(Stored data entries)
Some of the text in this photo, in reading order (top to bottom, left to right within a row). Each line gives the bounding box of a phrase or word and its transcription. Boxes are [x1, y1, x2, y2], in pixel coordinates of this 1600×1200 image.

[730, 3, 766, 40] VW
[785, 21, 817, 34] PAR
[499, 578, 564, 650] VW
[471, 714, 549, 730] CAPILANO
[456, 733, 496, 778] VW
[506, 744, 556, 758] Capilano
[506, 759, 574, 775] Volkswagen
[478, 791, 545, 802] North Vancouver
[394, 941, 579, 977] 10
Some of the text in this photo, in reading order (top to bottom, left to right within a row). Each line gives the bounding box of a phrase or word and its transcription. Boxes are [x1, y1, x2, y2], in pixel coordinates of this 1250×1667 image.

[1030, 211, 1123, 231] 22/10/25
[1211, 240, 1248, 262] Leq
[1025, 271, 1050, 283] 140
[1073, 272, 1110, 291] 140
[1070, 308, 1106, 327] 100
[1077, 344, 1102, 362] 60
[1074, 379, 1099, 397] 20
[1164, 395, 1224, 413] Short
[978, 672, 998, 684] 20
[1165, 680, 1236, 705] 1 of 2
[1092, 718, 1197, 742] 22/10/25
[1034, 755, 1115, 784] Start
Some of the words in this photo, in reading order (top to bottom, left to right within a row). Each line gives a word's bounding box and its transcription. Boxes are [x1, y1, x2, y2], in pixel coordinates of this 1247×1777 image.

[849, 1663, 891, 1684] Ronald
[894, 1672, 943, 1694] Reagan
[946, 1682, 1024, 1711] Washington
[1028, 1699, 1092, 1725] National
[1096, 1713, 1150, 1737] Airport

Exercise objective
Exactly reproduce the lines of the entries above, from the one containing "Some of the words" to the very last, and no others.

Task result
Some of the words in this photo, in reading order (top to bottom, left to right within a row). Each line gives a word's bounding box and its transcription. Boxes are [x1, y1, x2, y2], in pixel coordinates of this 1247×1777 image.

[849, 1663, 891, 1684] Ronald
[894, 1672, 943, 1694] Reagan
[946, 1682, 1024, 1711] Washington
[1028, 1699, 1092, 1725] National
[1096, 1713, 1150, 1737] Airport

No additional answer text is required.